From dunces to diamond geezers
After writing England's, and Michael Vaughan's, summer obituaries at the end of the first day at The Oval, the English newspapers were forced to change their tune after England's historic win against South Africa yesterday.
Champagne moment: Andrew Flintoff guzzles the bubbly after England's historic win
Mike Walters, in The Mirror, summed up the buoyant mood of the English public and players, describing the win as sensational and swashbuckling. He gushed: "In a summer of more twists than the London Underground map, Michael Vaughan's men went from dunces to diamond geezers in the space of five days." And he added that Vaughan, who joined in a playful game of football with a space-hopper on the outfield, was lucky that "five of his foot-soldiers ensured the final npower Test will go down in the pantheon of their greatest wins".
And those five foot-soldiers - Marcus Trescothick, Graham Thorpe, Andrew Flintoff, Stephen Harmison and Martin Bicknell - all received accolades in varying degrees. Christopher Martin-Jenkins, in The Times, more soberly pointed out that those individuals had "played to their potential" and that the team performed "as a whole with a determination and professionalism that did them all proud".
The Sun splashed a photo of Alec Stewart hoisted on his team-mates' shoulders, with the corny headline "We're Oval the moon". John Etheridge described the win as staggering and mind-boggling, and insisted that this victory "will rank alongside anything Stewart experienced in his time at the top".
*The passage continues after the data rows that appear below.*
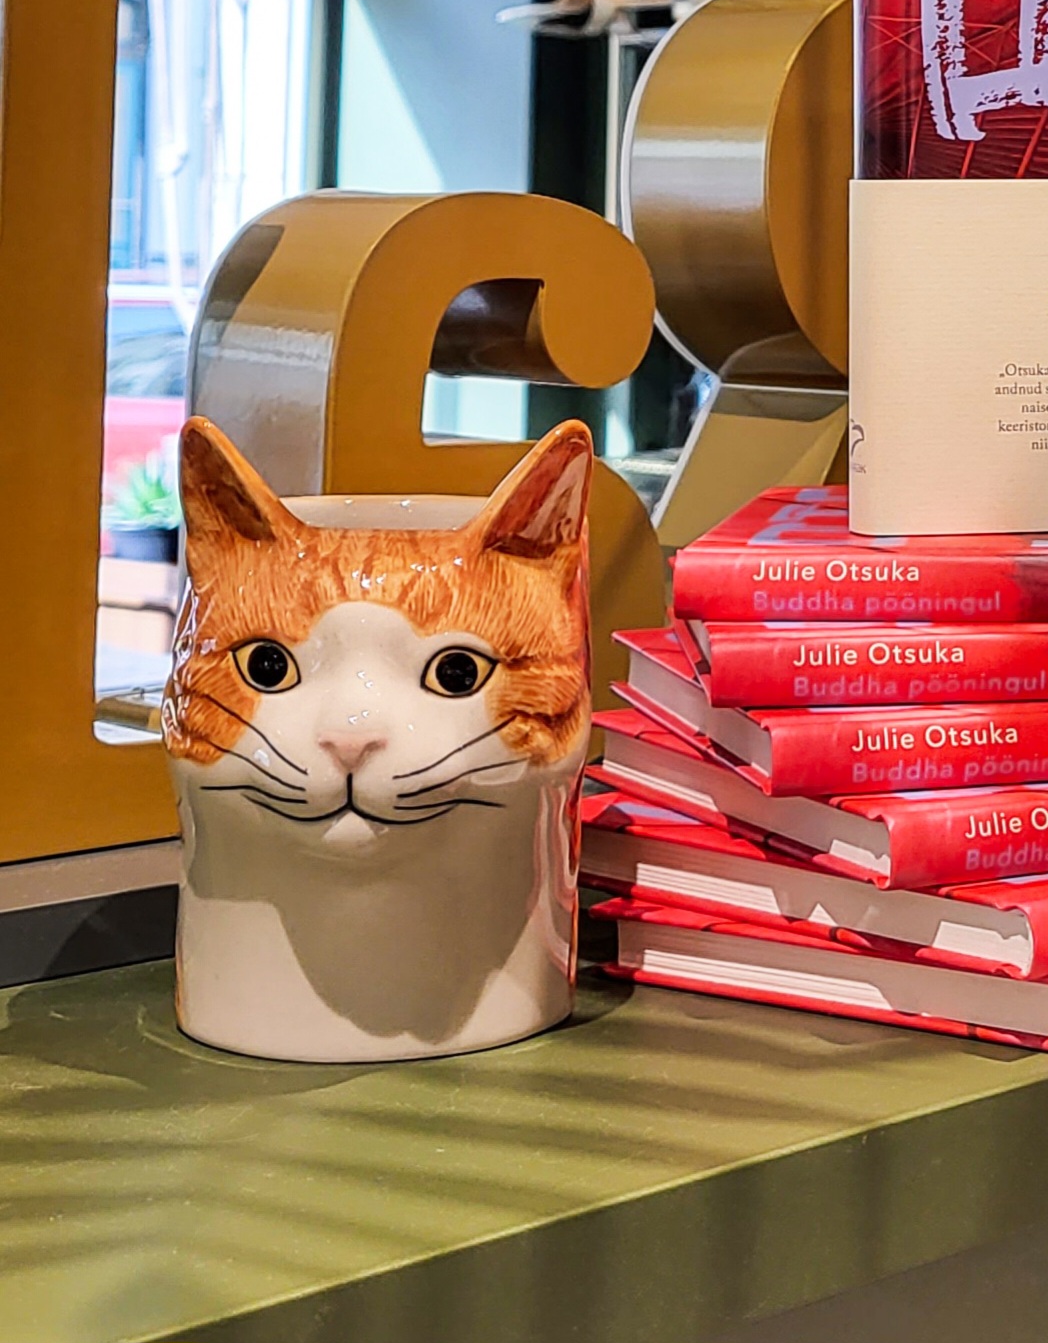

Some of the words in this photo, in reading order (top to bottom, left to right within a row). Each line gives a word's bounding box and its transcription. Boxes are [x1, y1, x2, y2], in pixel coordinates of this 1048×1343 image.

[994, 382, 1042, 395] andnud
[1031, 438, 1048, 450] nii
[753, 559, 816, 582] Julie
[826, 559, 920, 582] Otsuka
[753, 591, 854, 613] Buddha
[866, 591, 1001, 615] pööningul
[794, 644, 858, 667] Julie
[868, 642, 965, 666] Otsuka
[794, 675, 898, 698] Buddha
[909, 671, 1047, 699] pööningul
[852, 728, 915, 753] Julie
[924, 723, 1019, 748] Otsuka
[852, 761, 954, 784] Buddha
[965, 814, 1023, 840] Julie
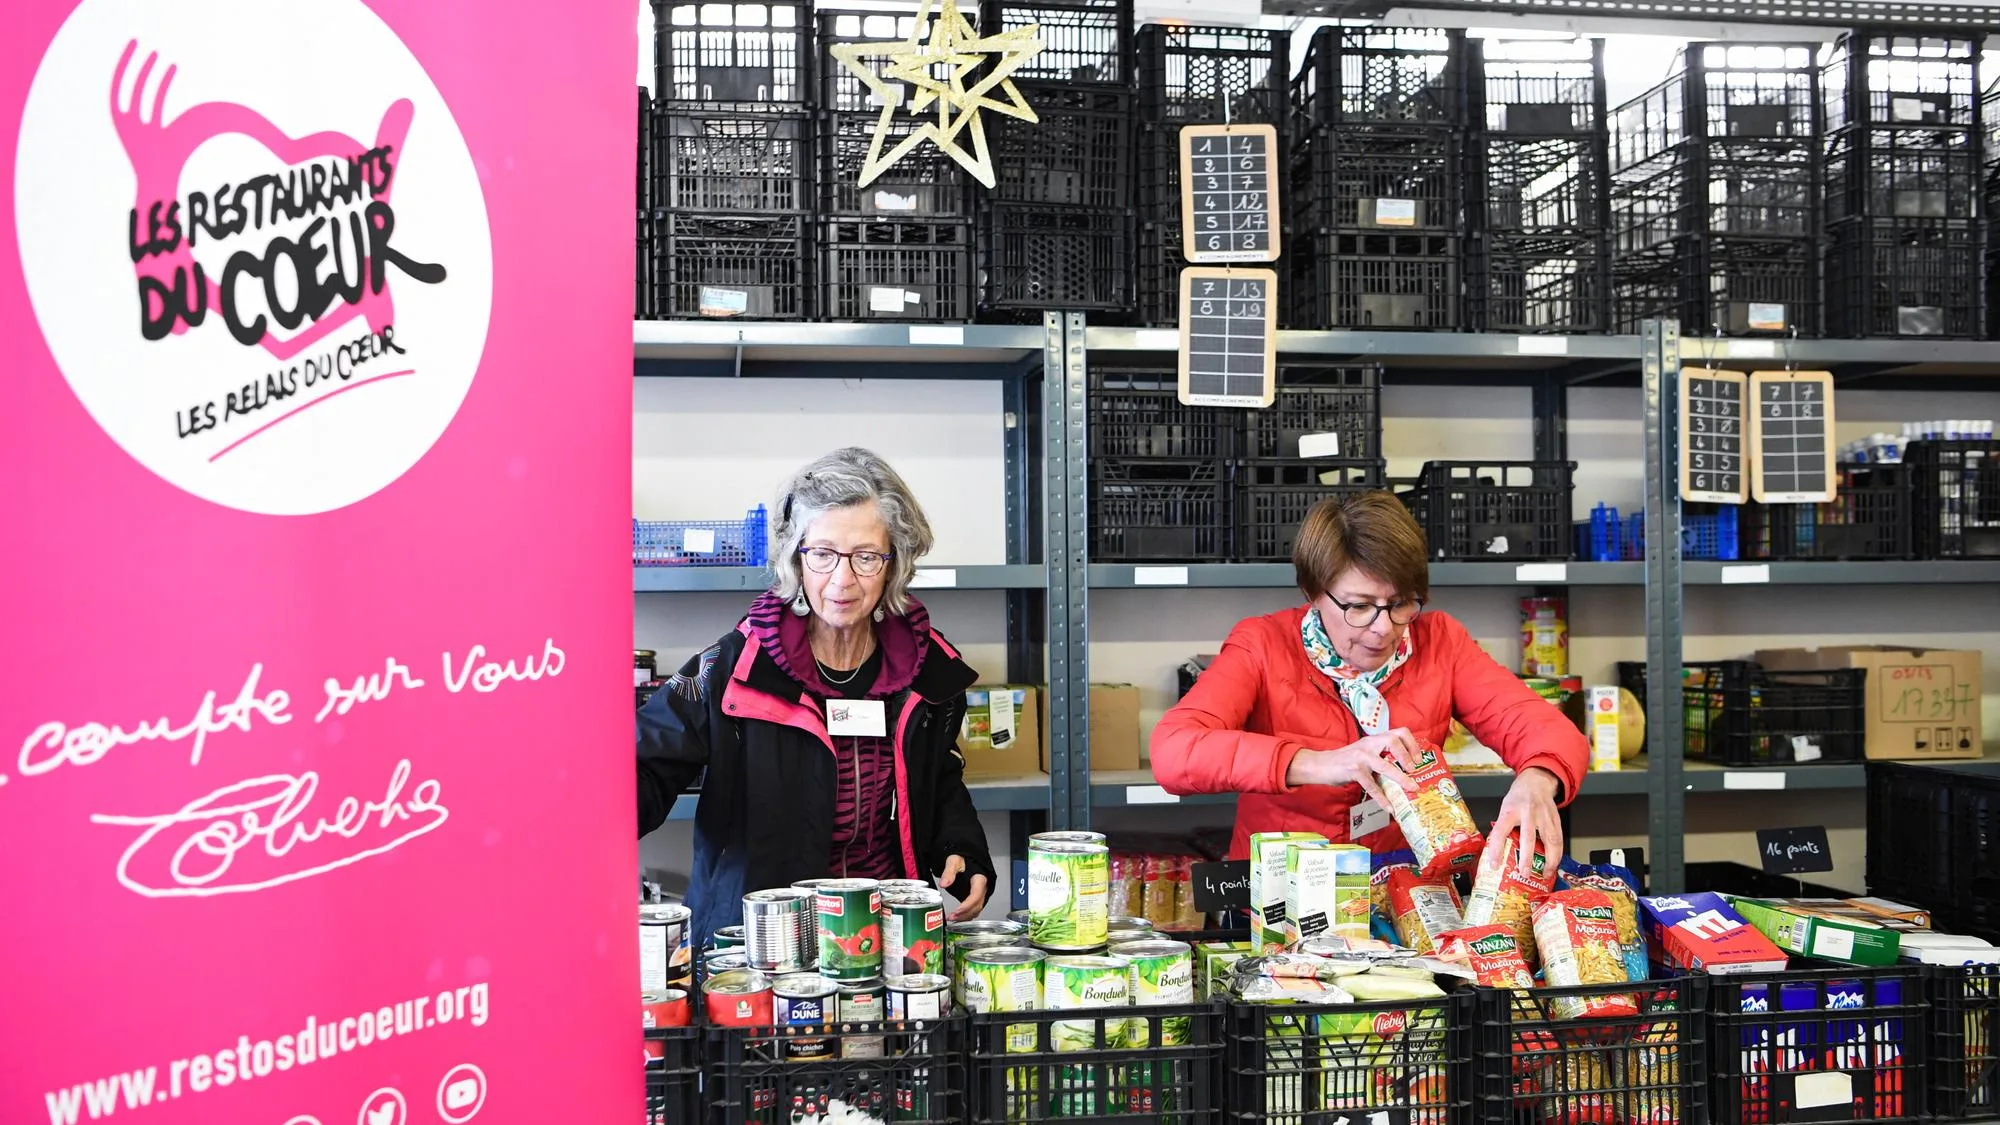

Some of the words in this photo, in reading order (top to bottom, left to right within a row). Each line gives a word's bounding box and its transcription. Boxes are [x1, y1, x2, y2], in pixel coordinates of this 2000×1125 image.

[1200, 139, 1211, 152] 1
[1240, 137, 1252, 153] 4
[1204, 158, 1215, 172] 2
[1240, 154, 1253, 170] 6
[1206, 176, 1218, 189] 3
[1241, 176, 1254, 189] 7
[129, 200, 183, 263] LES
[188, 145, 393, 248] RESTAURANTS
[1205, 196, 1216, 210] 4
[1207, 216, 1218, 229] 5
[1209, 235, 1220, 250] 6
[1242, 234, 1256, 250] 8
[1202, 282, 1215, 295] 7
[1234, 282, 1261, 299] 13
[138, 261, 207, 341] DU
[1200, 300, 1213, 315] 8
[177, 401, 217, 439] LES
[224, 366, 299, 423] RELAIS
[304, 353, 333, 388] DU
[314, 657, 425, 723] sur
[1787, 841, 1820, 860] points
[1206, 876, 1215, 894] 4
[1476, 935, 1517, 954] PANZANI
[1480, 957, 1525, 973] Macaroni
[791, 1009, 821, 1020] DUNE
[44, 982, 489, 1125] www.restosducoeur.org
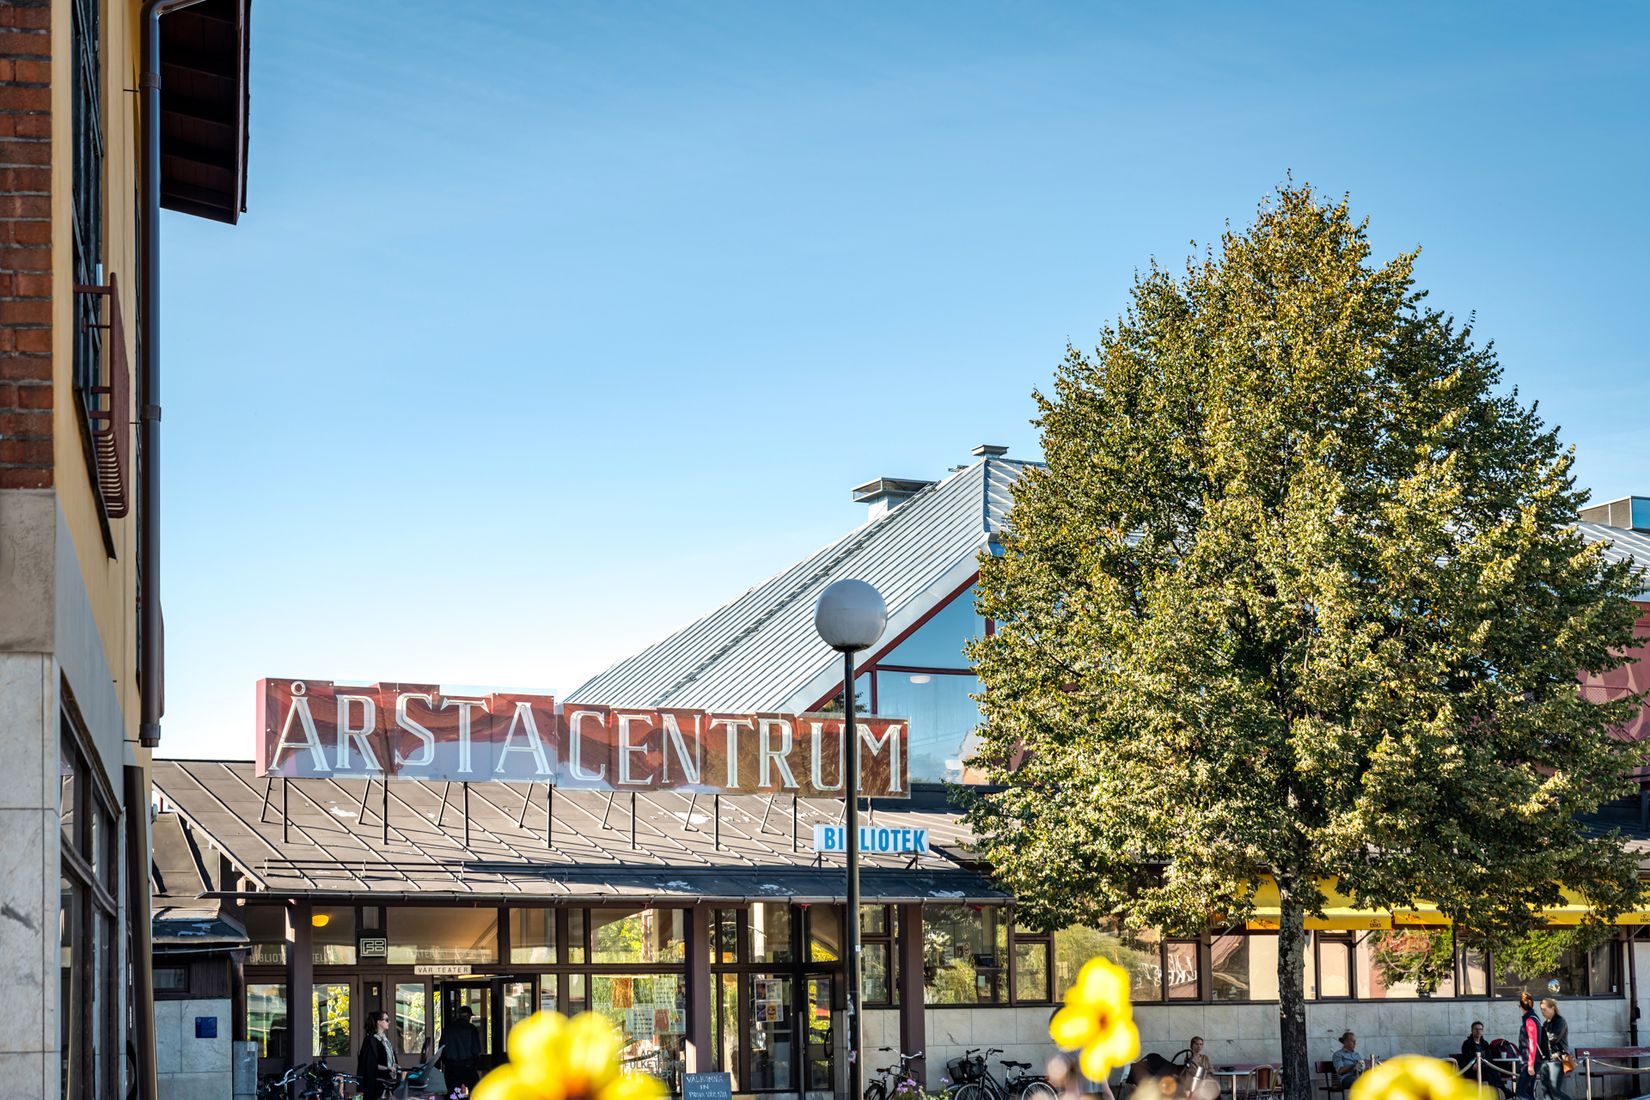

But while most eyes were on the departing Stewart, Vaughan didn't escape the column inches. Angus Fraser, in The Independent, wrote that even though Vaughan has had only four matches in charge of England, "He will have been through a far greater range of emotions than Steve Waugh in the four years he has led the world champions."
And although Fraser said that Vaughan can feel proud after coming through his "biggest test", Oliver Holt in The Mirror noticed a note of reservation in Vaughan's manner. "Quite why Michael Vaughan looked as if he'd just been told his mum had found a stack of porn mags concealed under his bed is a more complex issue," Holt said. "Vaughan had just led his team to one of England's most remarkable victories to square a series that seemed on the first day to have slipped into their opponents' hands. But the England skipper appeared somewhere on the sheepish side of morose after this nine-wicket thriller of a win. Drained by the relief flooding out of him. Just glad it was all over."
Well, you can't blame him after leading England in a season which has been consistently inconsistent, according to Simon Barnes in The Times: "One minute we are watching a very decent side, the next we are watching a bunch of losers," Barnes pointed out, adding that "It is the sort of thing that unsettles a chap." He highlighted Trescothick as an example. "One day Marcus Trescothick is a spent force, the next he is the most imperious batsman in world cricket. Certainly, pressure inspired Trescothick. He moved from circumspection to certainty and from certainty to majesty. He made nearly 300 runs in the match for once out: not bad for a man who was all washed up." And Barnes concluded: "But if England are consistent only in their inconsistency, then we must come to terms with the fact that, in a perverse way, inconsistency is their strength."
But what of South Africa? They fly home this evening knowing that they ought to have won the series after dominating the first two matches. And we've seen it all before. While Michael Owen-Smith told us in The Mercury that Graeme Smith rejected charges that his team had yet to get rid of the label of being chokers, the Cape Argus ran a headline: "Wanted: Spin and swing."
Owen-Smith and the Daily Mail's Mike Dickson then picked out where South Africa, despite an encouraging tour, still fall short. Smith may have become "the darling of the English cricketing media for his availability, his transparency, his honesty and his humility," they said, but his team are short of a strike bowler and their spin bowling remains the biggest single concern: "Paul Adams had an up-and-down tour on pitches that did not always suit him, while Robin Peterson is early in the learning curve."
And then there is also the worry of replacing Gary Kirsten. They argued that "Kirsten's decision to play on has at least allowed Jacques Rudolph more time to settle," and that "Rudolph has had a disappointing series, but he has shown enough glimpses to suggest that he is a player of quality."
While South Africa take those concerns on with them to Pakistan, the England selectors have already been in discussions for the winter tours. As CMJ pointed out, "There has been, in the end, a strong contrast between England's success with a young team under Vaughan in the one-day internationals in the middle of the season and the manner in which the experience of Thorpe and Bicknell, both 34, and Nasser Hussain, 35, helped them to draw this series with the second-best Test team in the world."
However, he suggested that Bicknell is unlikely to join "the small band of seam bowlers on the slow pitches of Bangladesh and Sri Lanka before Christmas, even less so on the slightly faster ones of the Caribbean in March." And David Llewellyn in The Independent concluded: "It would appear that Harmison has the pace Bicknell lacks and that Bicknell has the consistency Harmison is missing. Old heads on young shoulders springs to mind. The selectors' job gets no easier."